Registration Dossier

Ecotoxicological information

Endpoint summary

Administrative data

Description of key information

Additional information

Added risk approach

Selenium is naturally present in all environmental compartments. The median ambient background concentrations in agricultural soil and grazing land are 0.35 and 0.40 mg Se/kg, respectively (Vercaigne et al., 2010). Background Se concentrations were only measured in a few soils used for the terrestrial ecotoxicity tests and vary between 0.23 and 1.5 mg Se/kg dw (Somogyi et al., 2007; Wilke, 1989; Cartes et al., 2005; Soltanpour and workman, 1980). Because these background concentrations are significant compared to the NOEC and EC10 values for terrestrial organisms, the added risk approach is employed as a pragmatic solution. All NOEC and EC10 values are therefore based on added selenium concentrations, without taking into account the natural background in the soil. In essence this added risk assessment approach assumes that species are fully adapted to the natural background concentration and therefore that only the anthropogenic added fraction should be regulated or controlled (Appendix R.7.13-2 of the REACH guidance on “Environmental risk assessment for metals and metal compounds”).

Summary toxicity data

The available ecotoxicity results for the effect of selenium on terrestrial organisms are all based on either Na2SeO3 or Na2SeO4. All data reported are based on nominal added or background corrected measured Se concentrations in soil. A clear difference in toxicity was observed between selenite and selenate, with selenate showing significantly higher toxicity to invertebrates (Somogyi et al. 2007) and plants (Cartes et al., 2005; Carlson et al., 1991). This is consistent with the lower adsorption and resulting higher bioavailability of selenate in soil compared to selenite. Therefore, only the available reliable results for selenite are taken into account for the hazard assessment of zinc selenite in soils.

The data available do not allow conclusions on the effect of soil properties (pH, organic carbon content, etc.) on the toxicity of selenite to terrestrial organisms. Therefore, all reliable toxicity data for selenite, expressed on an added concentration basis, were grouped. The table below presents an overview of the lowest reliable toxicity data selected for hazard assessment of selenite to terrestrial organisms.

 Trophic level Species Parameter  Endpoint  Value (mg Se/kg dw)  Reference 
 Invertebrates Enchytraeus albidus Reproduction EC10 2.57 Somogyi et al., 2007

Sorghum vulgare

Shoot dry weight NOEC 1.0 Carlson et al., 1991
 Micro-organisms native biomass N transformation NOEC 5.9 Wilke, 1989

The lowest long-term NOEC or EC10 was observed for the toxicity of Na2SeO3 to plants: 1.0 mg Se/kg soil for yield of Sorghum vulgare after 6 weeks exposure in a loamy sand soil (Carlson et al., 1991).

These ecotoxicological effects data are all based on laboratory studies and experimental conditions can differ significantly from those in the field.
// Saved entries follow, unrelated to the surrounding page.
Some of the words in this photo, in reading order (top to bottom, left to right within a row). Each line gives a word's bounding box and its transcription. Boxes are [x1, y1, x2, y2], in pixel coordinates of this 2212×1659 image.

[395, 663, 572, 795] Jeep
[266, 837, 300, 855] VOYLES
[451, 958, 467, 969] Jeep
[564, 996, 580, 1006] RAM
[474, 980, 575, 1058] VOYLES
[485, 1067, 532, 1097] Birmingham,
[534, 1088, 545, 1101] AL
Results are also available for toxicity of Se in a field study on a calcareous Chernozem soil amended with different selenium doses added as Na2SeO3 (Biacs et al., 1995; Kadar et al., 1994; Kadar, 1995; Nyarai-Horvath et al., 1997). The soil was amended with Na2SeO3 at 30, 90, 270 and 810 kg Se/ha (no real control), corresponding to an added dose of approximately 10, 30, 90 and 270 mg Se/kg in the plough layer (0-20 cm). Trace elements were applied in the spring of 1991 with twofold replication and each plot has a total area of 21 m2. Maize, carrot, potato and pea were grown in the first, second, third and fourth year, respectively. Measured total soil Se concentrations are only reported for samples taken in 1994: 7, 29, 81 and 224 mg Se/kg at the 0, 90, 270 and 810 kg Se/ha treatments, respectively. Crop growth ranged from 4 to 6 months. The reported NOEC values for crop yield range from 7 to 81 mg Se/kg dry weight, which is significantly higher than the lowest NOEC values obtained from laboratory or greenhouse experiments with selenite. This difference may be explained by decreased bioavailability of Se in the field compared to laboratory conditions due to slow equilibration reactions (ageing), and confirms the conservative nature of the NOEC values derived in laboratory experiments.